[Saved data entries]
━━━━━━━━━━━━━━━━━━━━━━━━━━━━━━
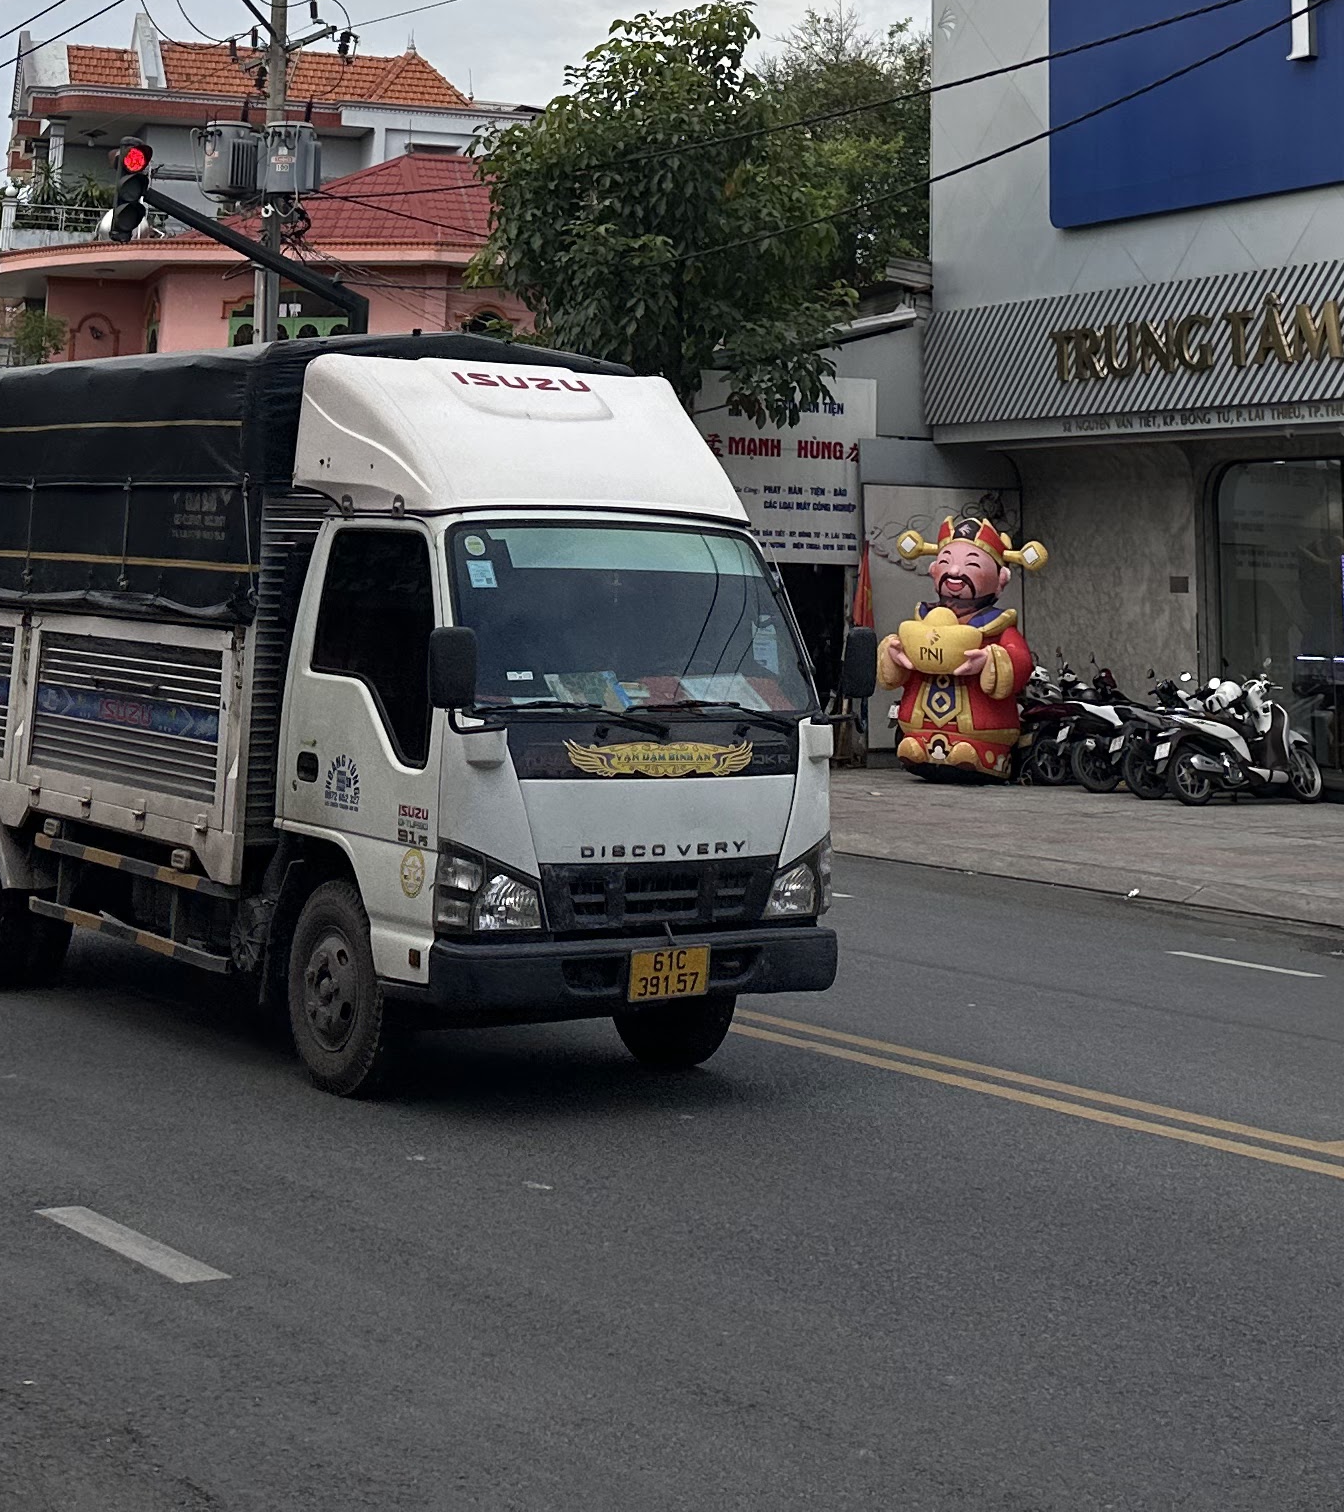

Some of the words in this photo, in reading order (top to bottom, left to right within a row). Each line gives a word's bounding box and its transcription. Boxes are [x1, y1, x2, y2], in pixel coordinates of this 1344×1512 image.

[1050, 311, 1214, 382] TRUNG
[1222, 290, 1344, 366] TÂM
[451, 371, 592, 393] ISUZU
[728, 436, 782, 460] MẠNH
[796, 435, 844, 460] HÙNG
[919, 646, 944, 665] PNJ
[99, 698, 153, 728] ISUZU
[398, 804, 429, 820] ISUZU
[398, 828, 416, 845] 91
[653, 950, 687, 972] 61C
[637, 971, 700, 997] 391.57
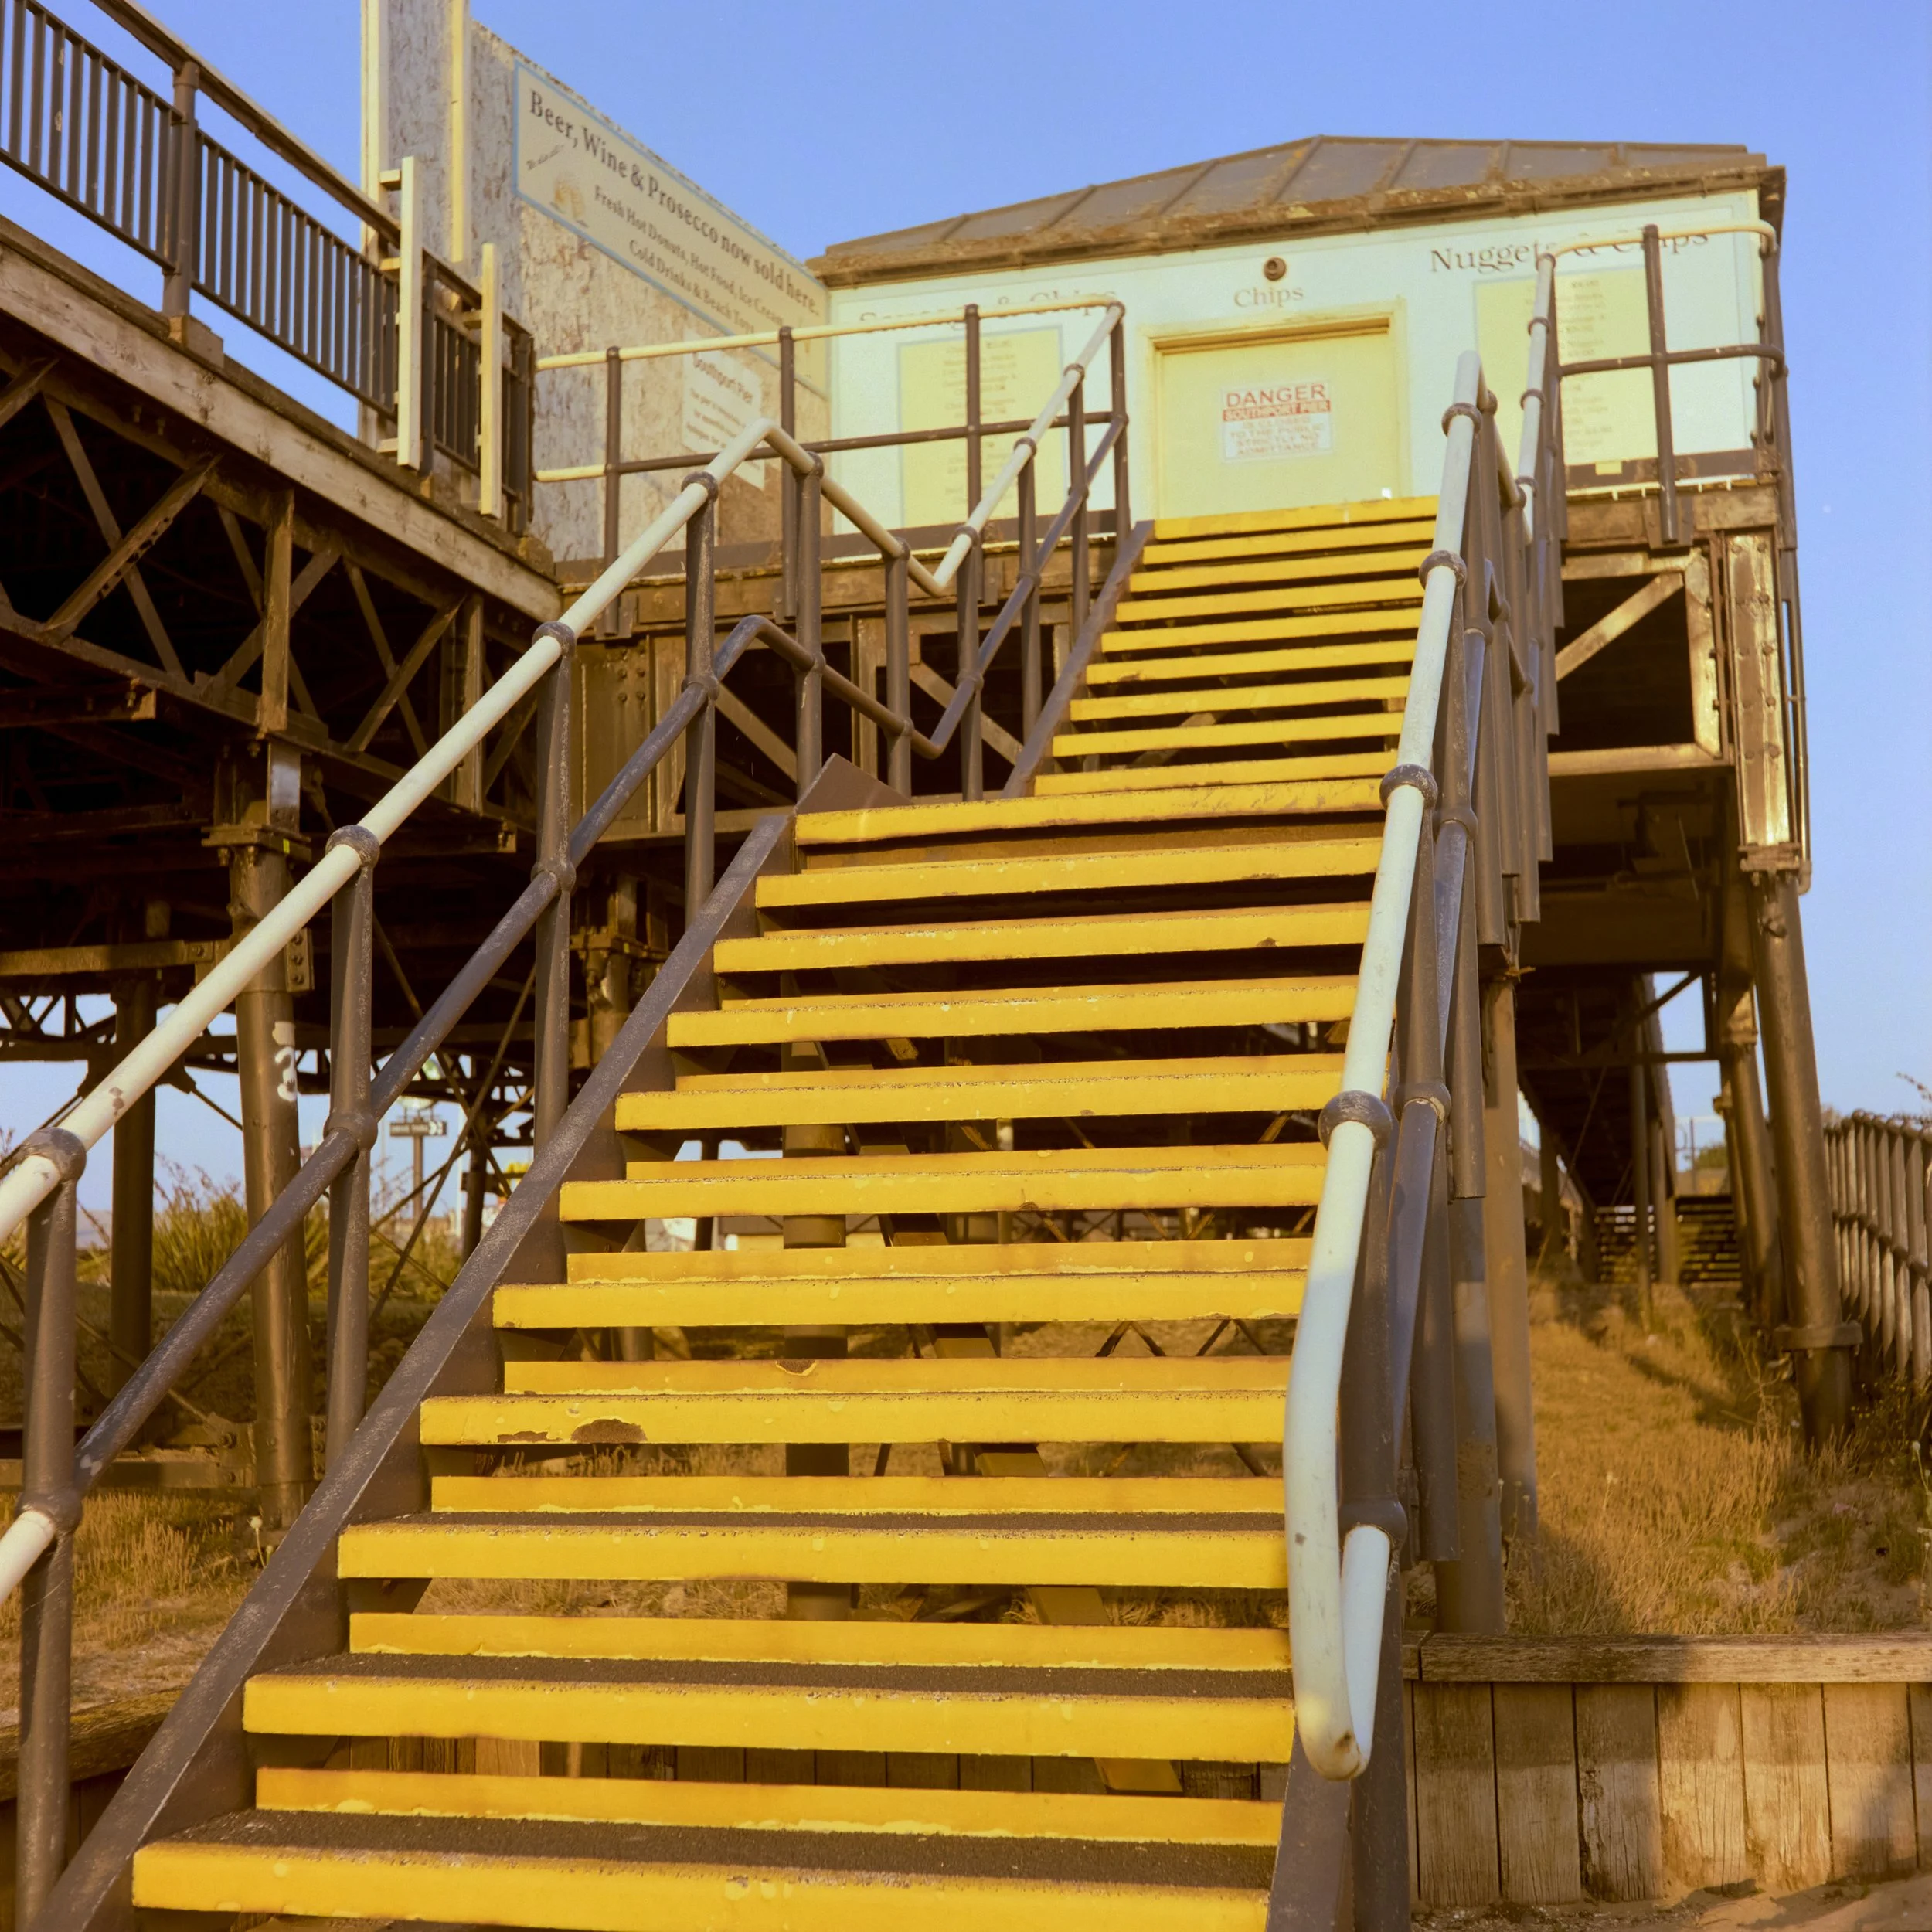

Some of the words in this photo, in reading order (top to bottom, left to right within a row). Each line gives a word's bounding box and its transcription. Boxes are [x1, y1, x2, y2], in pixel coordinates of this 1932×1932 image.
━━━━━━━━━━━━━━━━━━━━━━━━━━━━━━
- _THE TASK_:
Repeat the records above exactly, omitting every picture.

- _RESPONSE TO THIS EXERCISE_:
Some of the words in this photo, in reading order (top to bottom, left to right within a row). Each line gives a word's bounding box and its transcription. Boxes are [x1, y1, x2, y2], in pixel coordinates of this 1344×1512 image.

[1050, 311, 1214, 382] TRUNG
[1222, 290, 1344, 366] TÂM
[451, 371, 592, 393] ISUZU
[728, 436, 782, 460] MẠNH
[796, 435, 844, 460] HÙNG
[919, 646, 944, 665] PNJ
[99, 698, 153, 728] ISUZU
[398, 804, 429, 820] ISUZU
[398, 828, 416, 845] 91
[653, 950, 687, 972] 61C
[637, 971, 700, 997] 391.57

Some of the words in this photo, in reading order (top to bottom, left to right within a row). Each line gives a word's bounding box and its transcription. Boxes are [x1, y1, x2, y2], in pixel coordinates of this 1932×1932 image.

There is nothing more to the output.